Wednesday Dec 6 2023 12:08
6 min
“If Trump wasn’t running, I’m not sure I’d be running”. So says senile Biden.
When asked if he would be a dictator, Donald Trump said “No. No. Other than day one”. On the day one he’s talking about he’d close the southern border (some 8m illegals have entered during the Biden years…) and boost oil drilling (US production is already at an all-time high).
TUI is thinking of leaving London…another one bites the dust … City reforms have an aura of Torschlusspanik – time is running out! Tui may also feel like it’s missing out on a better valuation from a single listing and London is no longer the place where a lot of the liquidity can be found. It will surely add to the sense that the City of London is losing its lustre a bit. It’s a sign of decline and underlines the need to revitalise public markets in the UK. It’s not just companies moving listings abroad like Ferguson or CRH, it’s the huge slate of takeovers that has decimated corners of our markets. Blame Gordon Brown, or blame leveraged LDI investing, or blame Brexit, or whatever; a change is required.
Narrative check: Rates go down, stocks go up; or crap German data sends DAX to record high…bad news is good news for equities right now. Stocks rose early Wednesday in Europe as the DAX came off the back off a record closing high. Shares rose a further quarter of a percent in Frankfurt, whilst London rallied half a percent early on with lower bond yields feeding risk appetite. The DAX is now up almost 13% since October 26th in a startling one-way move. The FTSE has struggled a bit more but oil has lagged. Bond yields eased back yesterday as the ECB’s Schnabel said it’s unlikely to hike again, and fell further as US data slackened to support the narrative driving the market action right now that the central banks will start cutting early next year and aggressively. Soft German data today is weighing again and raising expectations for some very aggressive cutting by the ECB next year.
The yield on the benchmark 10yr Treasury note fell below 4.17%, its weakest since September … getting close to a 100bps move in the last month or so, just to highlight the speed of the repricing in the market from H4L to cuts. We are seeing further easing in yields this morning in Europe with traders now fully pricing 150bps of cuts by the ECB next year after some pretty soft German economic data. Stocks were less clear in their direction – investors are trying to work out if bad news is bad news or good news right. The Nasdaq rallied with all the Magnificent Seven higher except Meta, whilst the S&P 500 fell This is indicative of the kind of behaviour and choppy action we might get until at least the December FOMC.
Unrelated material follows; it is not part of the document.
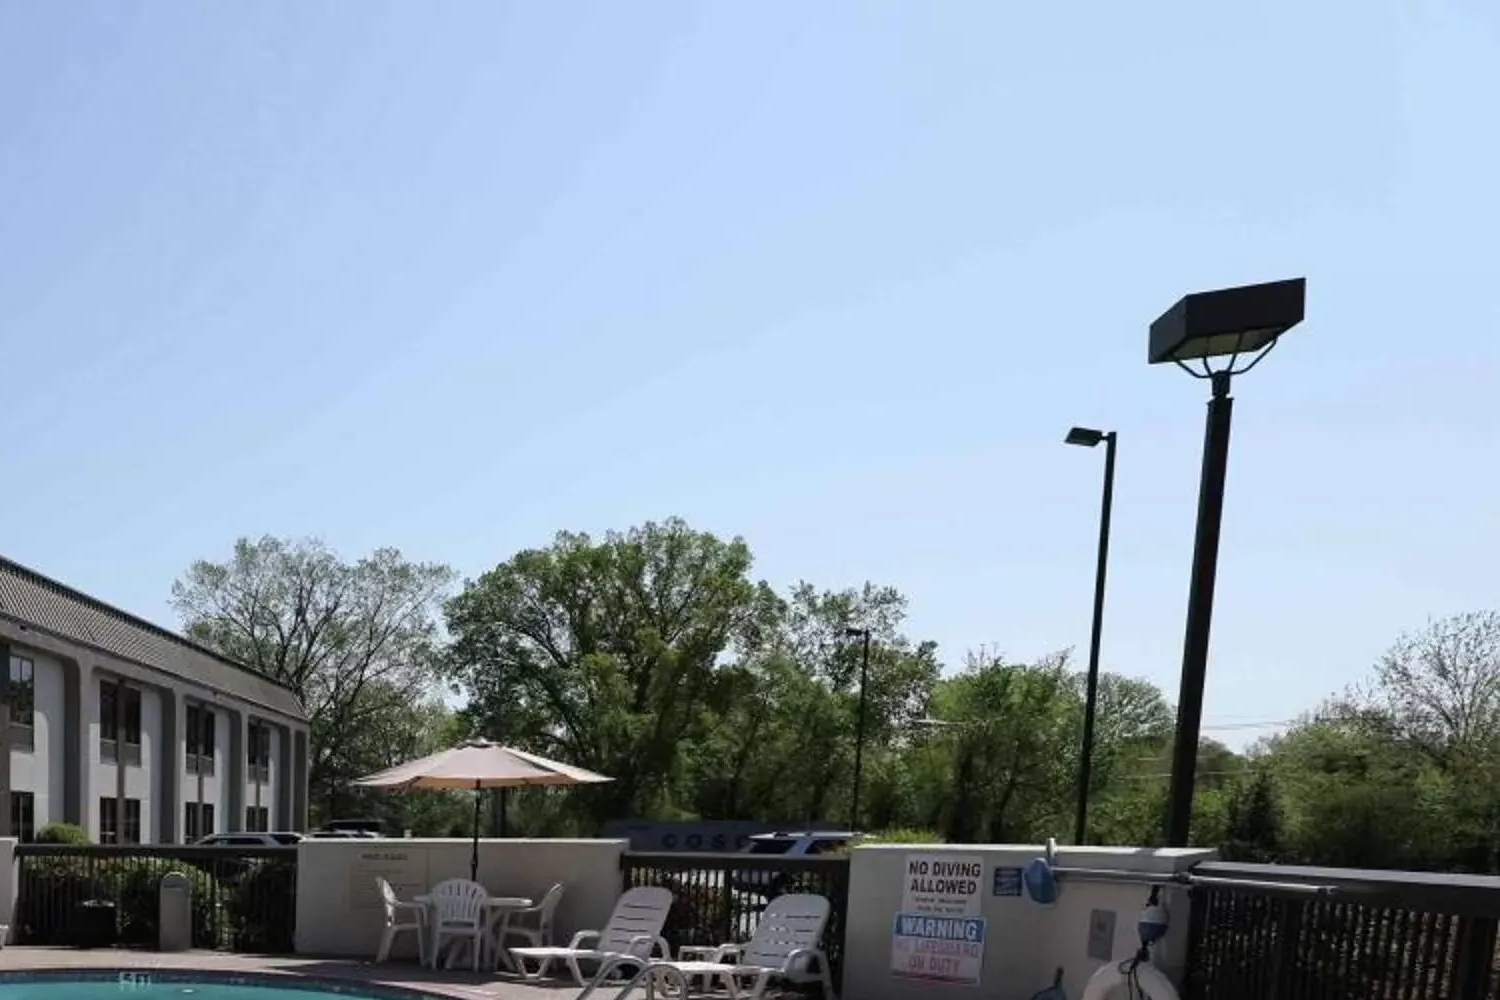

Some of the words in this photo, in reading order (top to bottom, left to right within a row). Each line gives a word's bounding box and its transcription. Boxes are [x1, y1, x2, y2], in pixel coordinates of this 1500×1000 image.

Jolts job openings slid to 8.7 million in October, which was well below estimate, to the lowest level since March 2021. At the same time the ratio of vacancies for every unemployed worker fell to 1.3, getting much closer to the pre-pandemic high of 1.2.
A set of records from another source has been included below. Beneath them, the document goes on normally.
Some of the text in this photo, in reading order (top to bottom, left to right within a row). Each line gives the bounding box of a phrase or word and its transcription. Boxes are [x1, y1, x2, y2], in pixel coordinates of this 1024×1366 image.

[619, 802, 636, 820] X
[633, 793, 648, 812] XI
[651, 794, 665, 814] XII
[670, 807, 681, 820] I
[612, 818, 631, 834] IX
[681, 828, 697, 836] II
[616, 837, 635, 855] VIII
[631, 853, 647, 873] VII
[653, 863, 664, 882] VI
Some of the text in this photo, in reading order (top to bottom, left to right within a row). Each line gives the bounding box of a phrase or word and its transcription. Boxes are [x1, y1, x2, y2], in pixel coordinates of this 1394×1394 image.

Moody’s cut its outlook on China’s sovereign credit rating to negative, citing growing risks of persistently lower medium-term economic growth amid the ongoing property crisis in the country that continues to weigh. British American Tobacco shares plunged as group took a £25bn hit on US brands. Oil fell again to test a 5-month low, gold retreated towards the $2k support before rallying a bit, whilst the US dollar advanced again with DXY testing the 21-day EMA as the euro slid further on ECB rate cut bets, whilst German factory orders slumped 3.7% in October and the German construction PMI fell to a puny 36.2 from 38.2 prior. Data today focuses on the ADP employment report and Bank of Canada rate decision.
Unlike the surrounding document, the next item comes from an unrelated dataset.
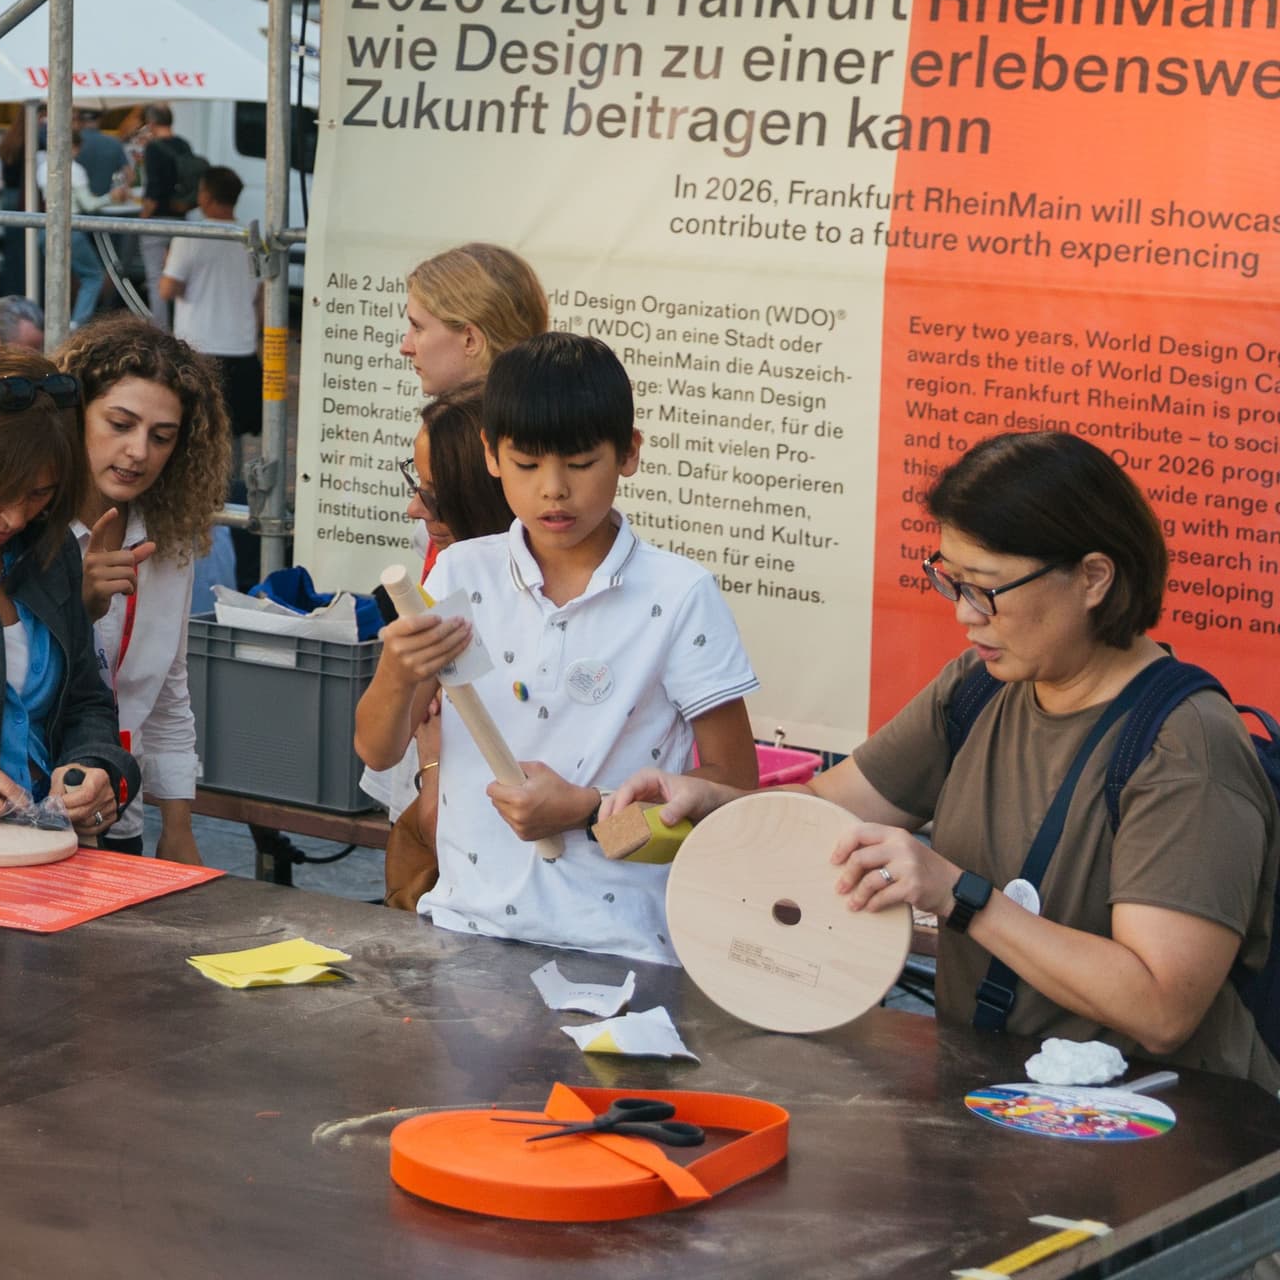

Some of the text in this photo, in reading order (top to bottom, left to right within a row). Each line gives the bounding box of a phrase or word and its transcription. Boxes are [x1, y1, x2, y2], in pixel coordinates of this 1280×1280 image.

There are two big questions for this rally: growth and inflation. The growth story gets all the attention this week with the US jobs report. But the inflation story remains interesting and far from settled in the way the market thinks it is. The New York Fed's measure of underlying inflation (the "multivariate core trend" rate) ticked down to 2.6% in October from 2.9% in September This was the lowest reading since January 2021
Cleveland Fed Nowcasting model shows reacceleration in inflation, however.